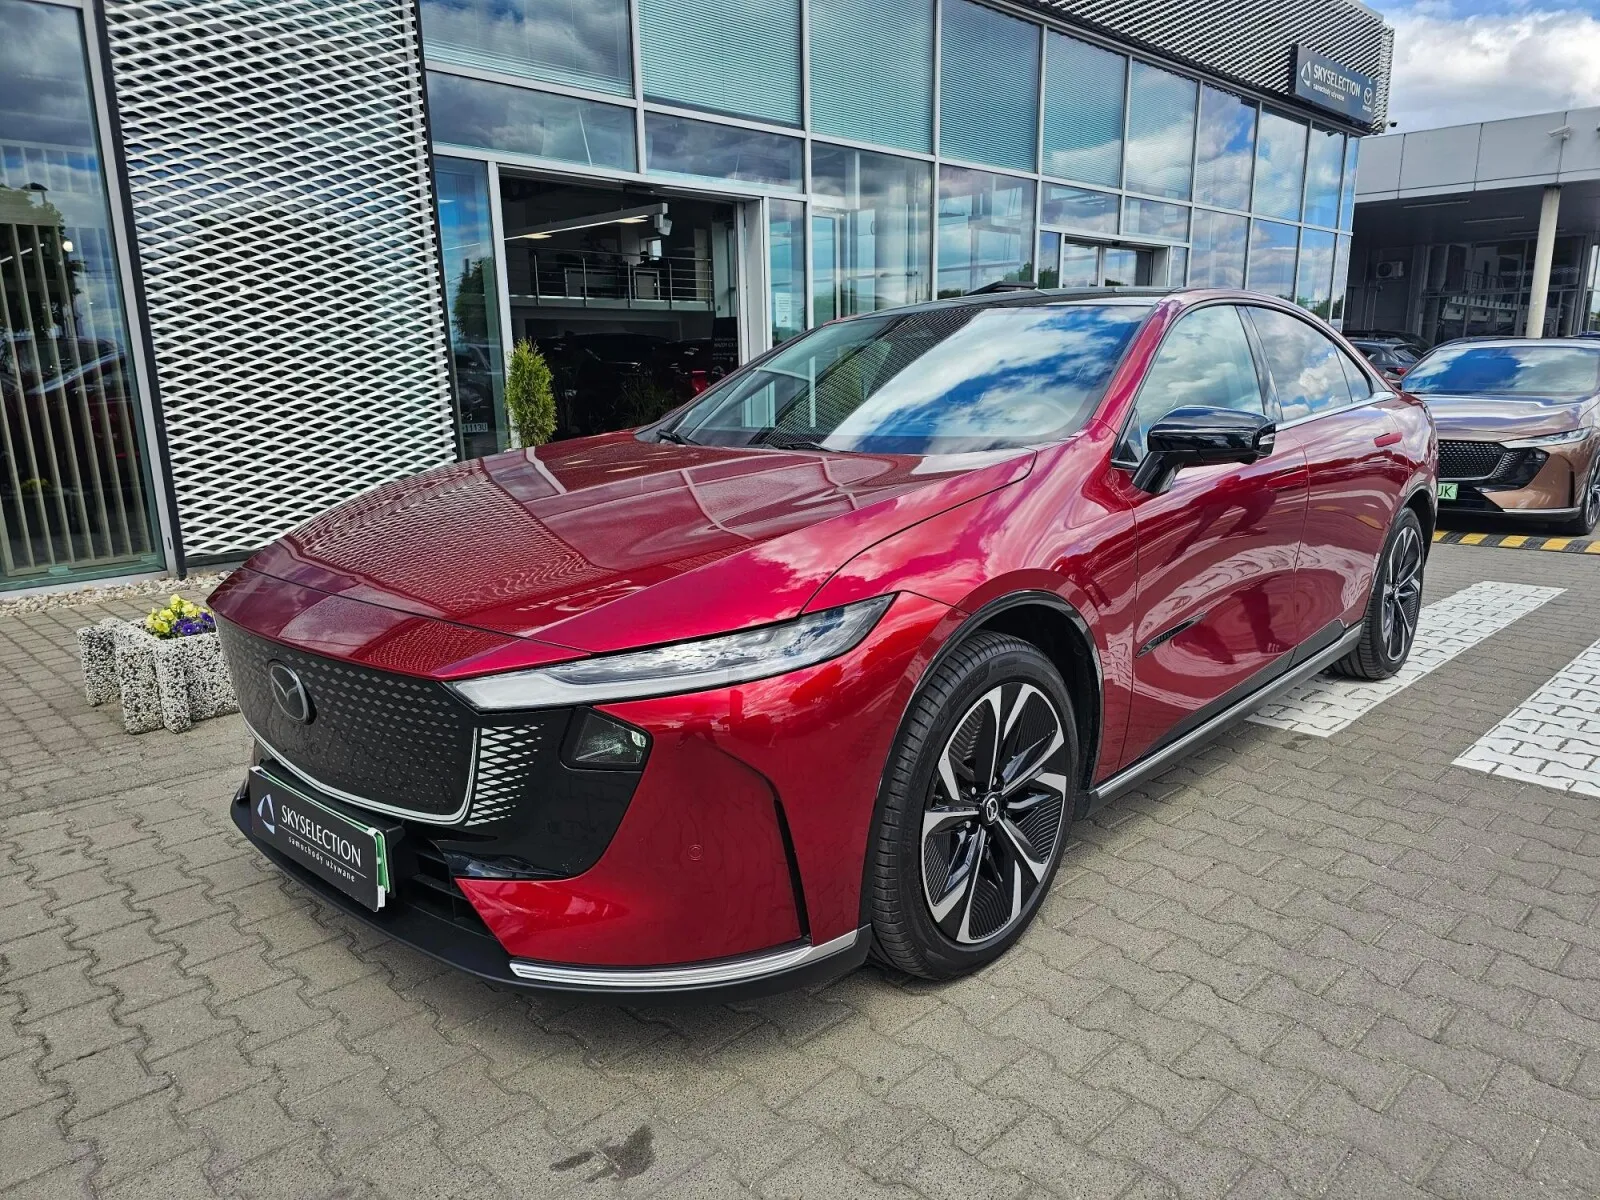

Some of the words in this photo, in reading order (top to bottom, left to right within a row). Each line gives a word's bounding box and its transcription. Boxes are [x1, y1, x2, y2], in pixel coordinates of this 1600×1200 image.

[1313, 64, 1361, 97] SKYSELECTION
[281, 804, 361, 868] SKYSELECTION
[288, 836, 324, 865] samochody
[325, 859, 355, 882] używane
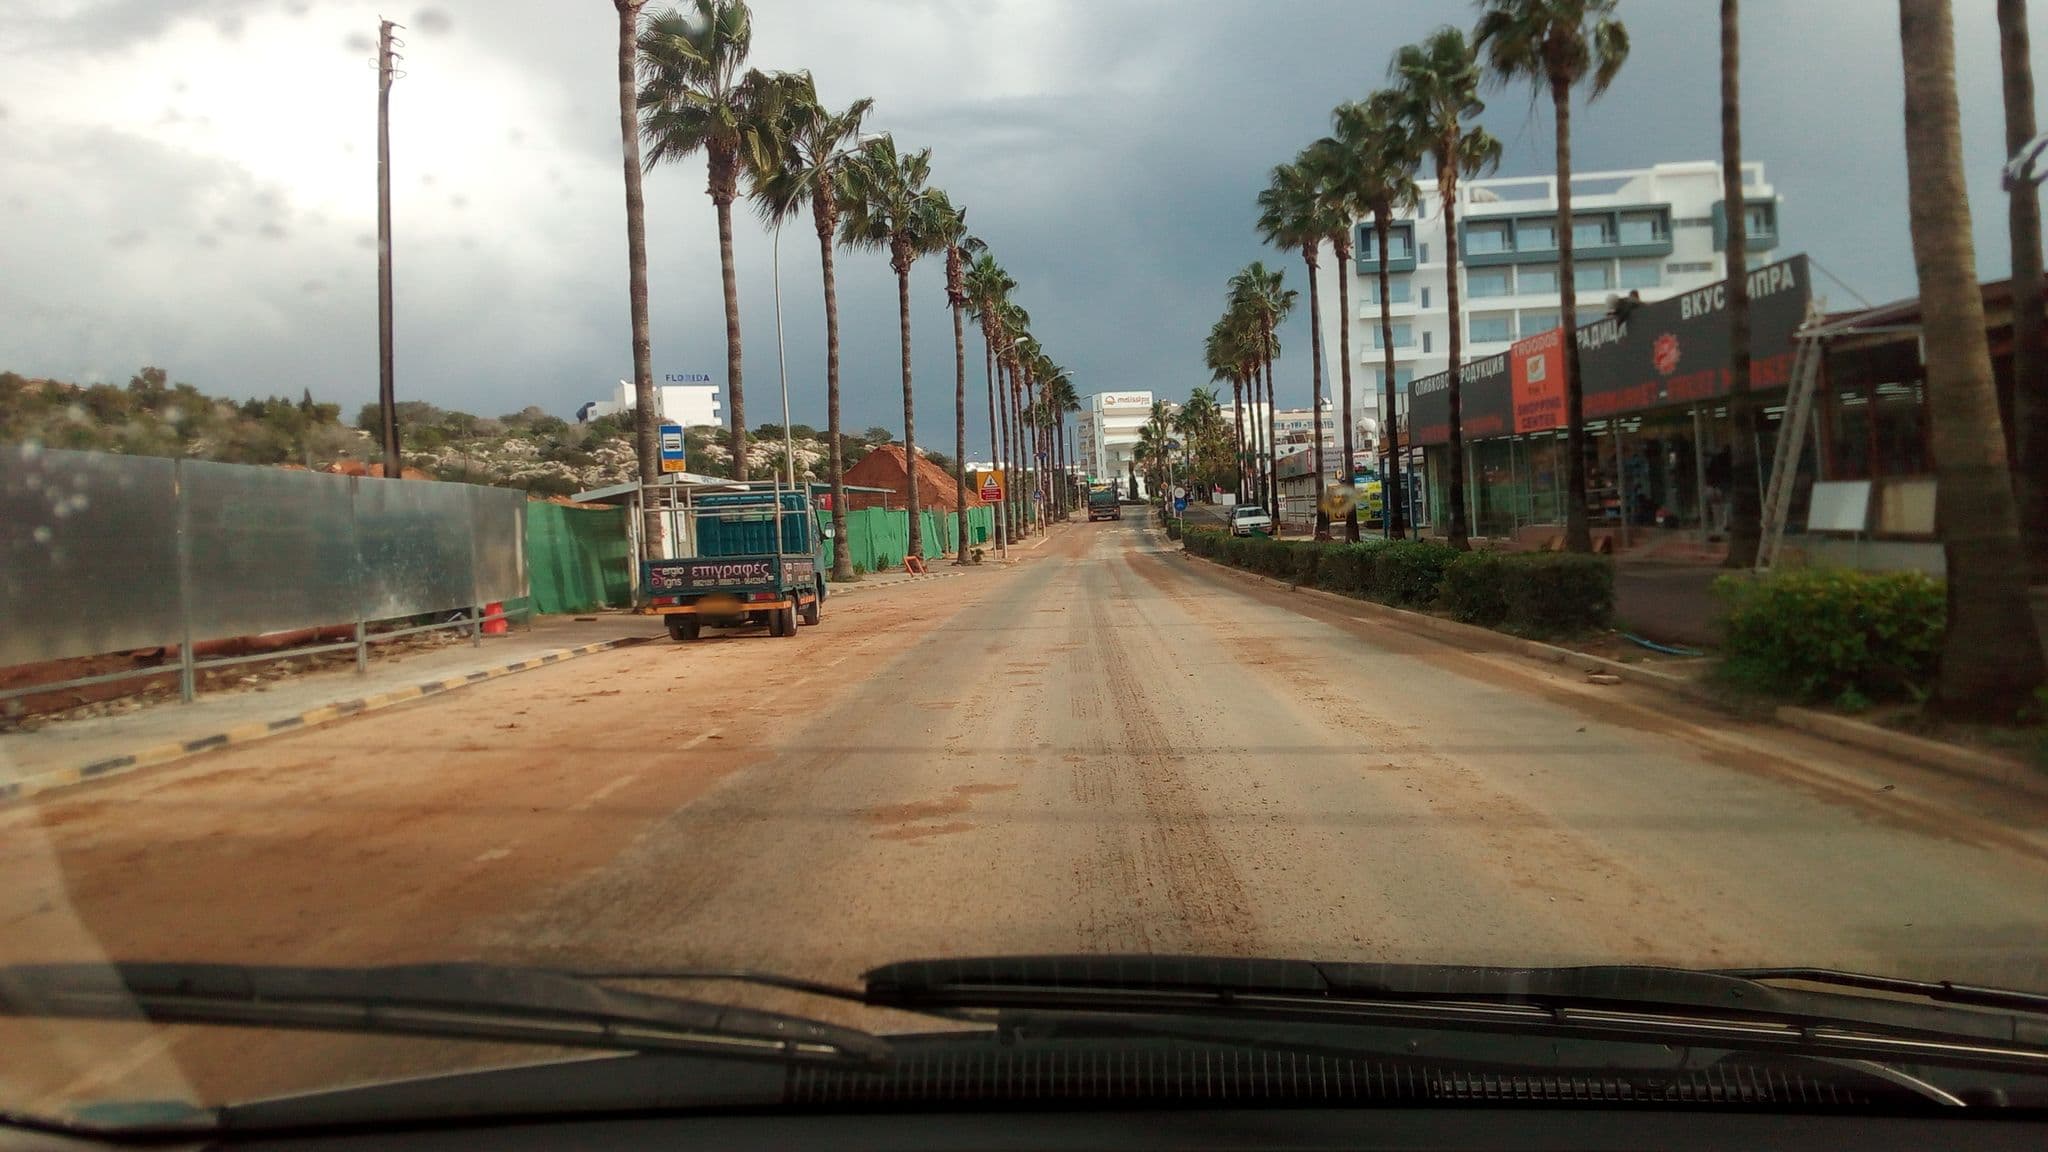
====
# EXERCISE DETAILS:
Would you transcribe all of the entries above exactly, minus the images?

# SOLUTION:
Some of the words in this photo, in reading order (top to bottom, left to right within a row). Each line gives a word's bounding box and its transcription. Boxes are [x1, y1, x2, y2], in pixel coordinates of this 1600×1200 image.

[1313, 64, 1361, 97] SKYSELECTION
[281, 804, 361, 868] SKYSELECTION
[288, 836, 324, 865] samochody
[325, 859, 355, 882] używane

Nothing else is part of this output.